Chapter 7



01  02  03  04  05  

06  07  08  09  10  

11  12  13  14  15  

16  17  





For example, we want to know that a certain segment of sound contains a broad noiselike band of frequencies that might represent the sound of rushing air, as in the sound /h/ in HAL; another segment contains two or three resonant frequencies in a certain ratio that might represent the vowel sound /a/ in HAL. One way to accomplish this labeling is to store examples of such sounds and attempt to match incoming time slices against these templates.

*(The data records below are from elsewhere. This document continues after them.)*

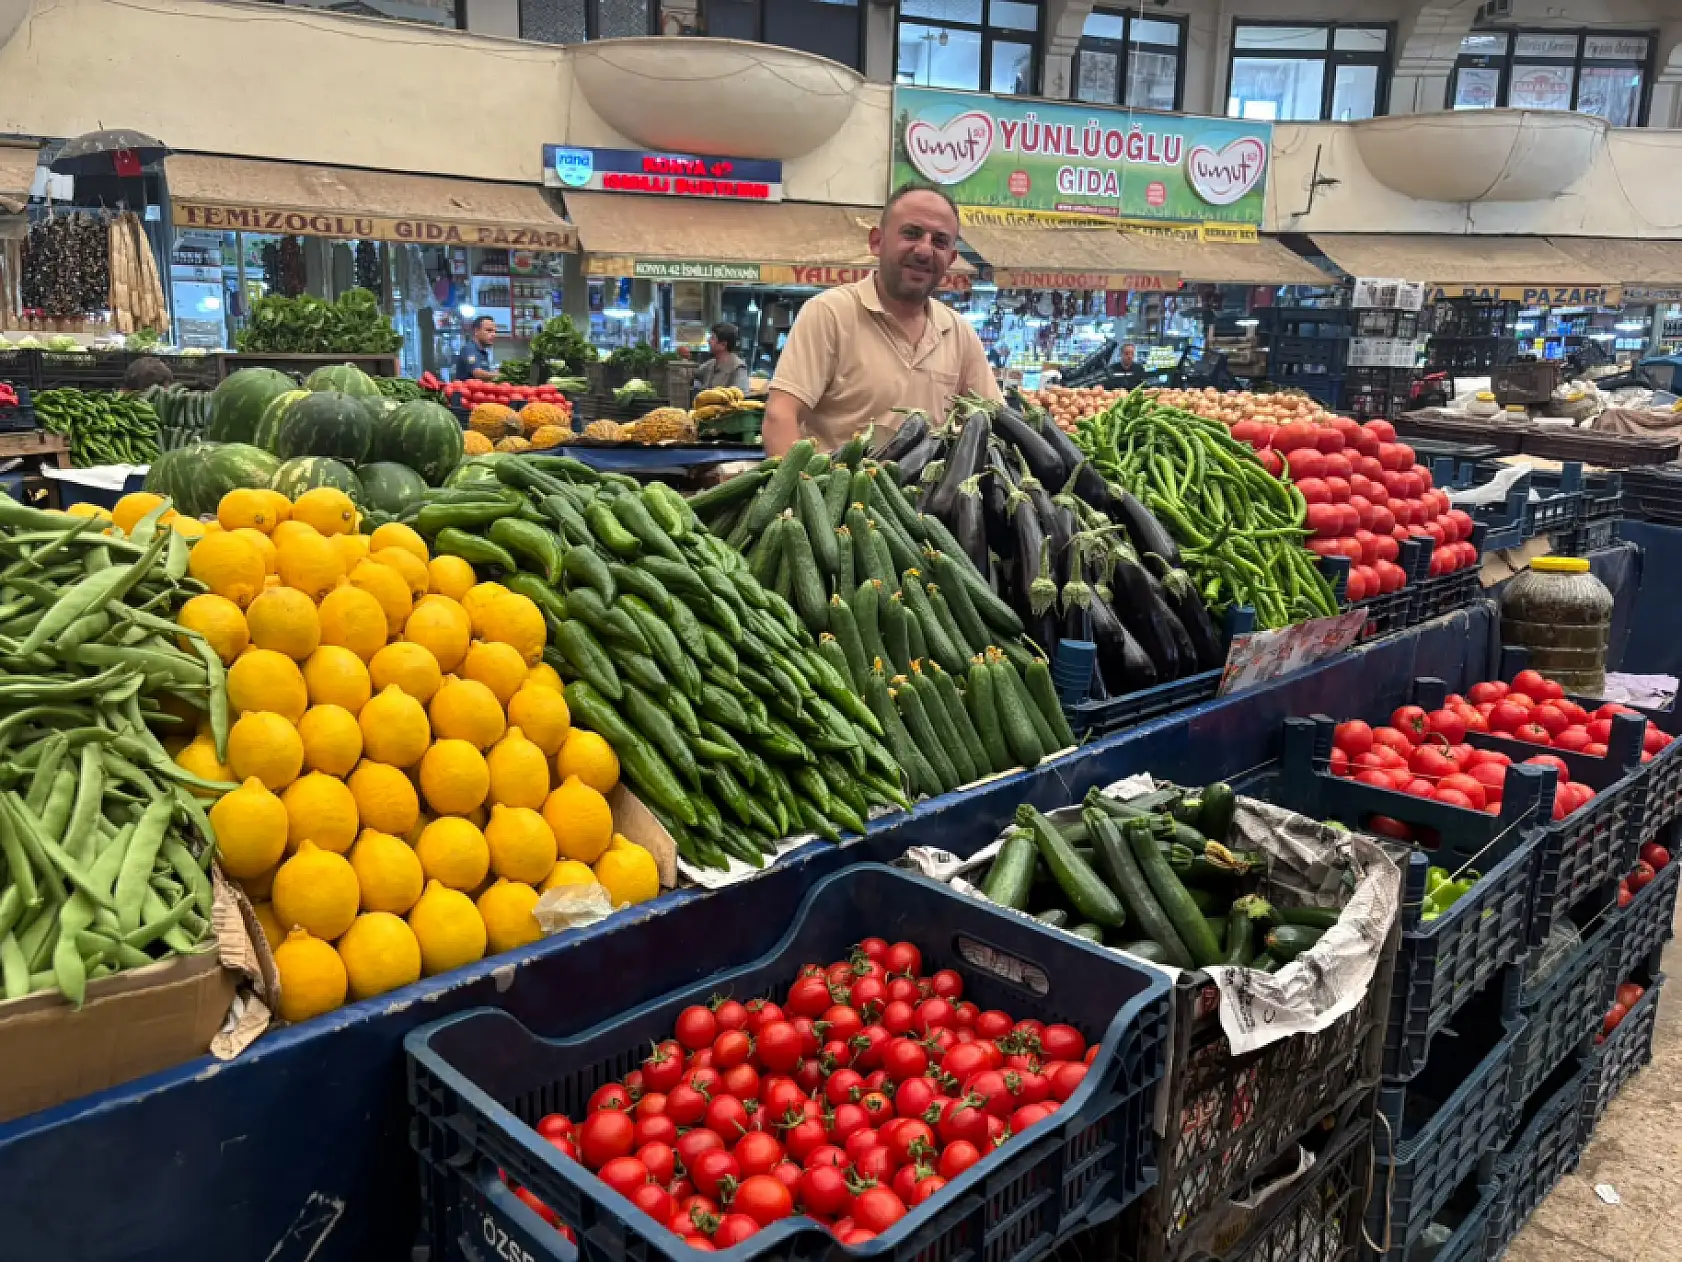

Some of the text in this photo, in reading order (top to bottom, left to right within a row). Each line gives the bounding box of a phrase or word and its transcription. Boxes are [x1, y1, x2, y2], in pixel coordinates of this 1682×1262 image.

[917, 127, 979, 162] umut
[999, 112, 1182, 165] YÜNLÜOĞLU
[1057, 166, 1119, 196] GIDA
[1197, 152, 1252, 184] umut
[394, 221, 462, 242] GIDA
[478, 227, 570, 247] PAZARI
[1123, 273, 1162, 289] GIDA
[1523, 287, 1607, 305] PAZARI

Usually, the attempt to categorize slices of sound uses a much finer classification system than the approximately forty phonemes of English. We typically use a set of 256 or even 1,024 possible classifications in a process called vector quantization.

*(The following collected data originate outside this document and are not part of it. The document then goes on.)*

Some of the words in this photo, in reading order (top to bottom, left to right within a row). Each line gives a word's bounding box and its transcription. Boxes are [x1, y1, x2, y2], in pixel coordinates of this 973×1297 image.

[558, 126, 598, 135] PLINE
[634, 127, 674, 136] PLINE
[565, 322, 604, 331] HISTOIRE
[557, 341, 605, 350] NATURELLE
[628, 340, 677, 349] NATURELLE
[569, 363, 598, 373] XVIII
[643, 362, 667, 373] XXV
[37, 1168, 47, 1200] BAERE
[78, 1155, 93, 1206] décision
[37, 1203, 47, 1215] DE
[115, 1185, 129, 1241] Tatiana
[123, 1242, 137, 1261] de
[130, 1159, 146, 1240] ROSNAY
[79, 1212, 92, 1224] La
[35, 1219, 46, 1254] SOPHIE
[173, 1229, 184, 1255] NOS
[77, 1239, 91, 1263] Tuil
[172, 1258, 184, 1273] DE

Once we have classified these time slices of sound, we can use one of several competing approaches to recognizing words. One of them develops statistical models for words or portions of words by analyzing massive amounts of prerecorded speech data. Markov modeling and neural nets are examples of this approach. Another approach tries to detect the underlying string of phonemes (or possibly other types of subword units) and then match them to the words spoken.

At Kurzweil Applied Intelligence (KAI), rather than select one optimal approach, we implemented seven or eight different modules, or "experts," then programmed another software module, the "expert manager," which knows the strengths and weaknesses of the different software experts. In this decision-by-committee approach, the expert manager is the chief executive officer and makes the final decisions.

In the KAI systems, some of the expert modules are based, not on the sound of the words but on rules and the statistical behavior of word sequences. This is a variation of the hypothesis-and-test paradigm in which the system expects to hear certain words, according to what the speaker has already said. Each of the modules in the system has a great deal of built-in knowledge. The acoustic experts contain knowledge on the sound structure of words or such subword units as phonemes. The language experts know how words are strung together. The expert manager can judge which experts are more reliable in particular situations.

The system as a whole begins with generic knowledge of speech and language in general, then adapts these knowledge structures, based on what it observes in a particular speaker. In the film, Dave and Frank frequently invoke HAL's name. Even today's speech-recognition systems would quickly learn to recognize the word HAL and would not mistake it for hill or hall, at least not after being corrected once or twice.

In continuous speech, a speech-recognition system needs to deal with the additional ambiguity of when words start and end. Its attempts to match the classified time slices and recognized subword units against actual word hypotheses could result in a combinatorial explosion. A vocabulary of, say, sixty thousand words, could produce 3.6 billion possible two-word sequences, 216 trillion three-word sequences, and so on. Obviously, as we cannot examine even a tiny fraction of these possibilities, search constraints based on the system's knowledge of language are crucial.


Moore's Law

The other major ingredient needed to achieve the holy grail (i.e., a system that can understand fully continuous speech with high accuracy with relatively unrestricted vocabulary and domain and with no previous exposure to the speaker) is a more-powerful computer. We already have systems that can combine continuous speech, very large vocabularies, and speaker independence -- with the only limitation being restriction of the domain to business English. But these systems require RAM memories of over 100 megabytes and run much slower than real time on powerful workstations. Even though computational power is critical to developing speech recognition and understanding, no one in the field is worried about obtaining it in the near future. We know we will not have to wait long to achieve the requisite computational power because of Moore's law.